ACTION ITEM →
Produce a verbatim copy of the following records, leaving out all pictures.

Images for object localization
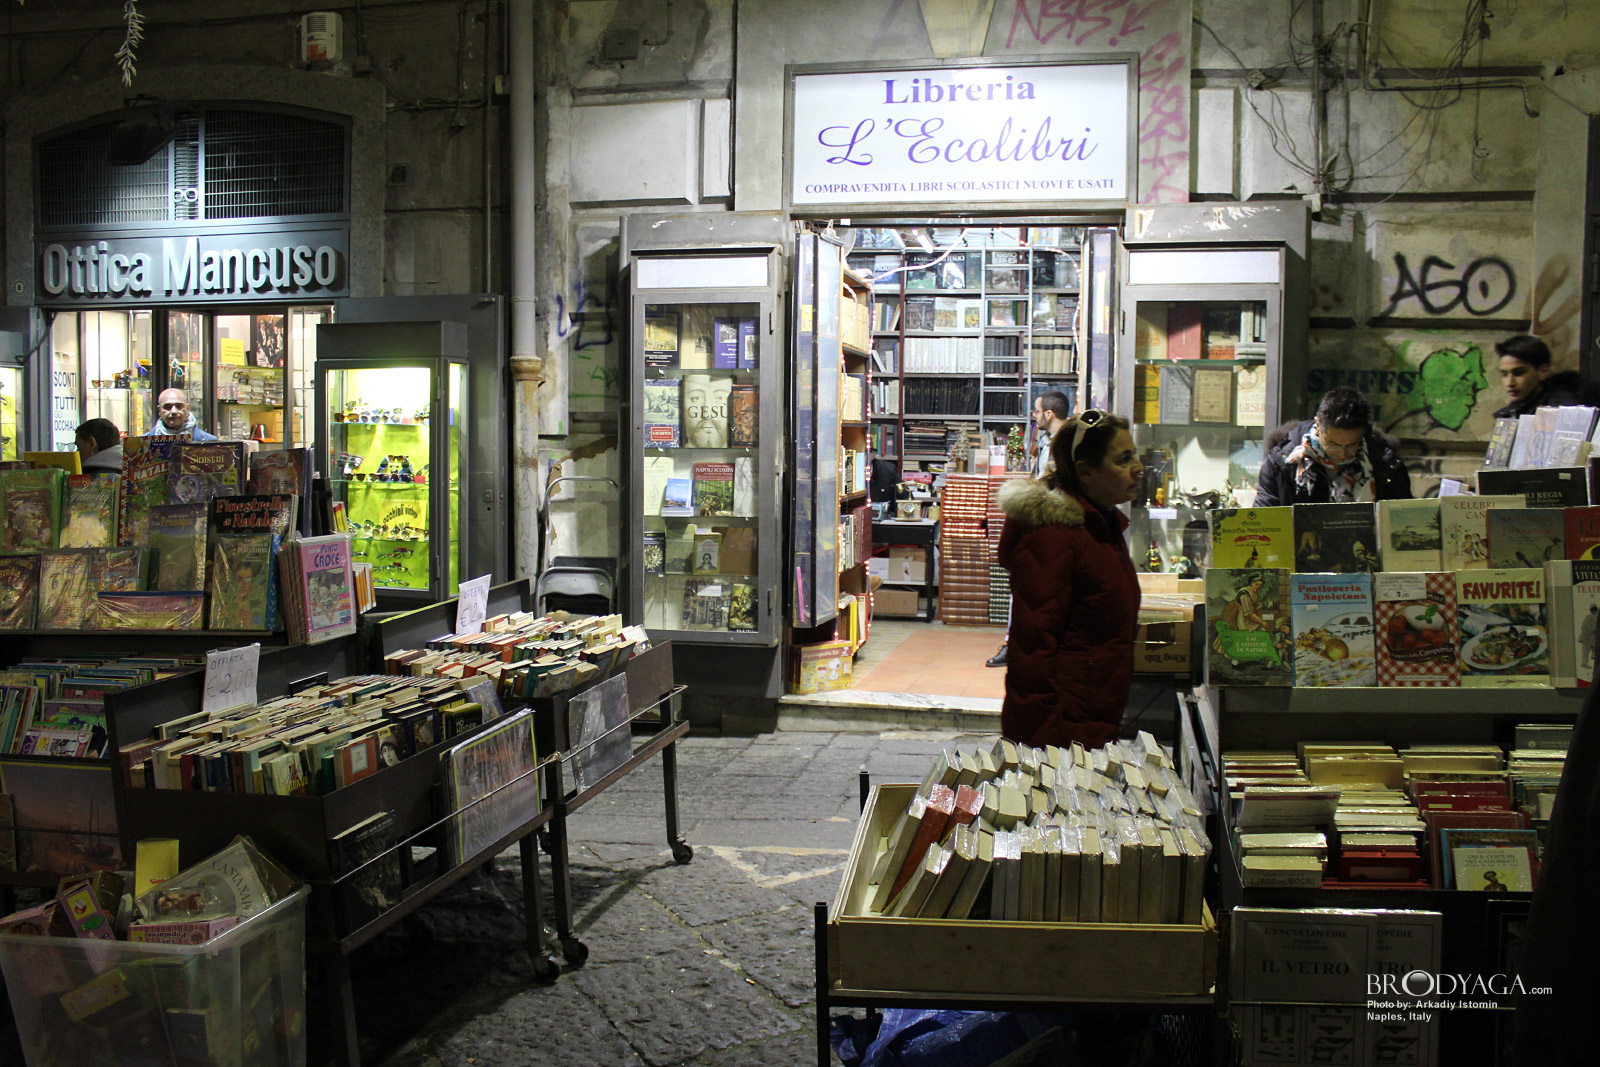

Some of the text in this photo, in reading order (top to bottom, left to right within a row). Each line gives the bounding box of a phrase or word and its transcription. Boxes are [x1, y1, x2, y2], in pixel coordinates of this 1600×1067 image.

[882, 75, 1036, 105] Libreria
[817, 116, 1101, 167] L'Ecolibri
[805, 179, 1114, 194] COMPRAVENDITA LIBRI SCOLASTICI NUOVI E USATI
[42, 236, 343, 296] Ottica Mancuso
[54, 371, 77, 387] SCONTI
[54, 396, 77, 410] TUTTI
[1454, 501, 1496, 510] CELEBRI
[314, 554, 340, 568] CROCE
[1462, 581, 1541, 600] FAVURITE!
[1262, 960, 1350, 976] IL VETRO
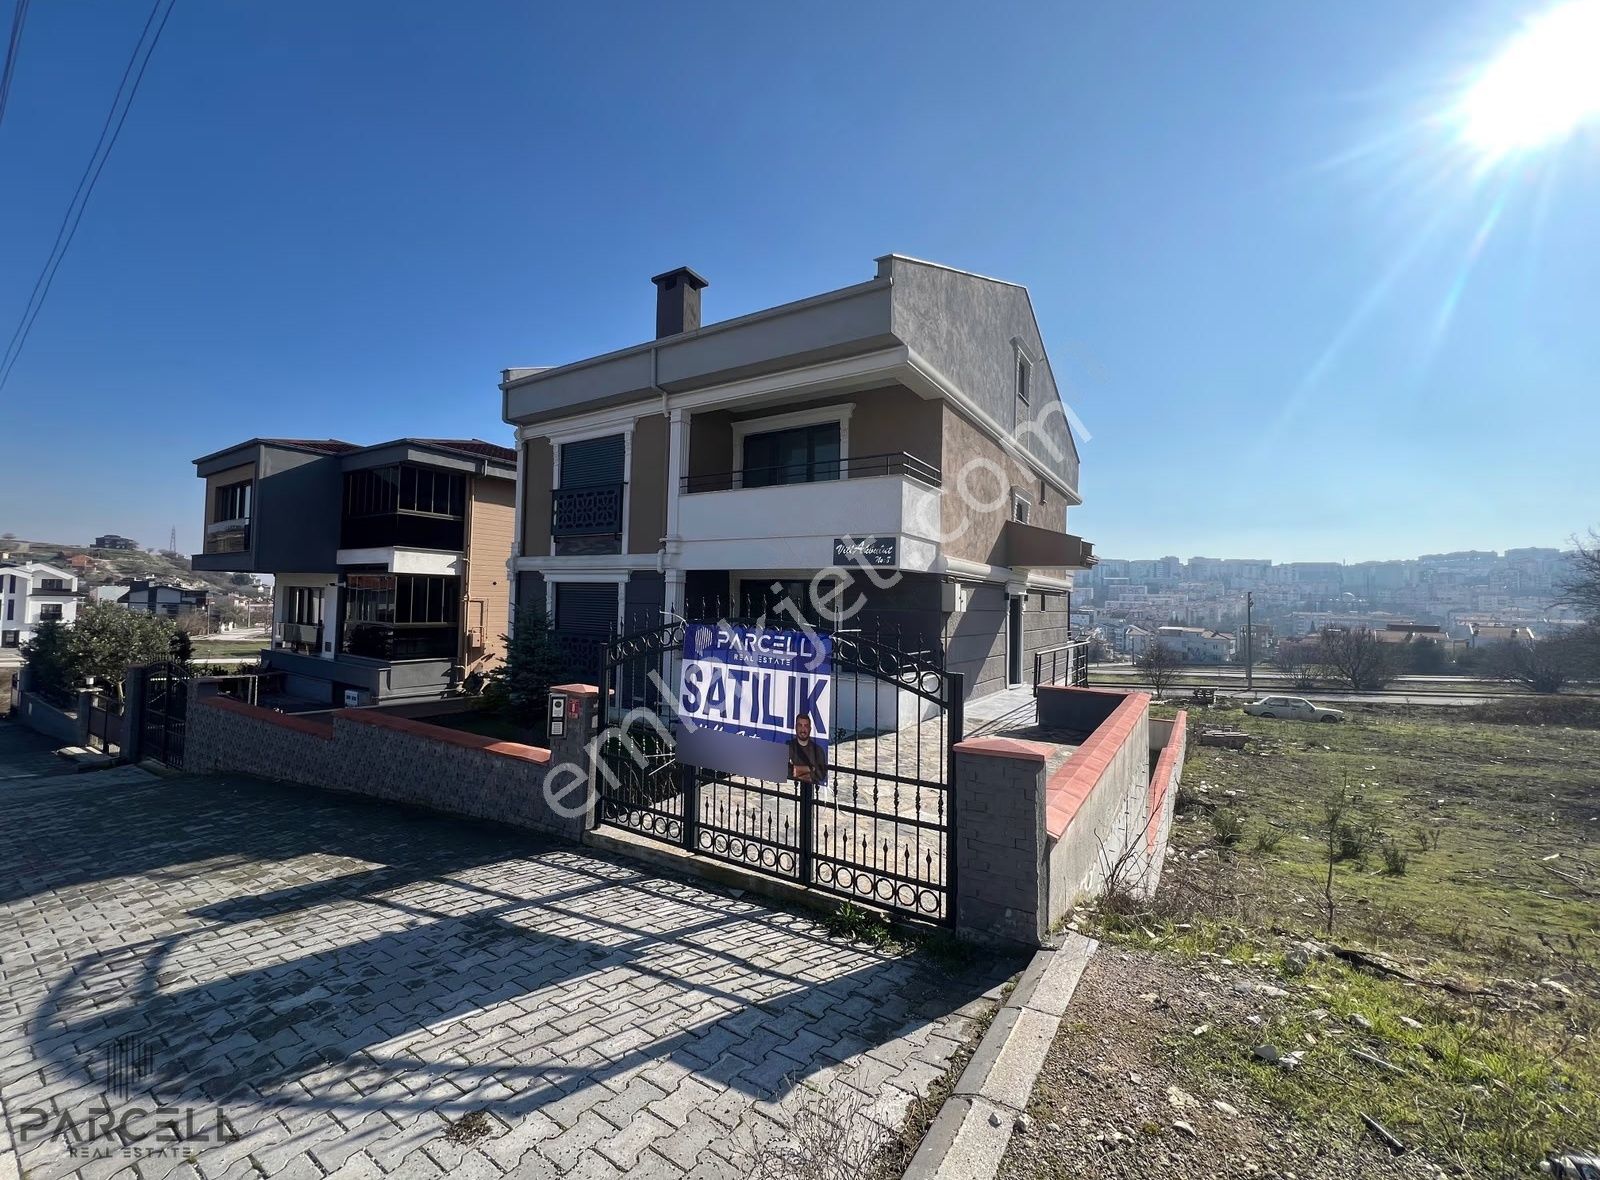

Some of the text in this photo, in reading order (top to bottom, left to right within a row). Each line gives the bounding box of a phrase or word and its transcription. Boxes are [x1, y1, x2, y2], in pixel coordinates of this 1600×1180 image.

[717, 630, 812, 657] PARCELL
[733, 654, 791, 666] REAL ESTATE
[683, 663, 829, 735] SATILIK

ANSWER SPACE →
Some of the text in this photo, in reading order (top to bottom, left to right within a row). Each line gives the bounding box of a phrase or word and its transcription. Boxes are [x1, y1, x2, y2], in pixel coordinates of this 1600×1067 image.

[882, 75, 1036, 105] Libreria
[817, 116, 1101, 167] L'Ecolibri
[805, 179, 1114, 194] COMPRAVENDITA LIBRI SCOLASTICI NUOVI E USATI
[42, 236, 343, 296] Ottica Mancuso
[54, 371, 77, 387] SCONTI
[54, 396, 77, 410] TUTTI
[1454, 501, 1496, 510] CELEBRI
[314, 554, 340, 568] CROCE
[1462, 581, 1541, 600] FAVURITE!
[1262, 960, 1350, 976] IL VETRO

Some of the text in this photo, in reading order (top to bottom, left to right within a row). Each line gives the bounding box of a phrase or word and its transcription. Boxes are [x1, y1, x2, y2], in pixel coordinates of this 1600×1180 image.

[717, 630, 812, 657] PARCELL
[733, 654, 791, 666] REAL ESTATE
[683, 663, 829, 735] SATILIK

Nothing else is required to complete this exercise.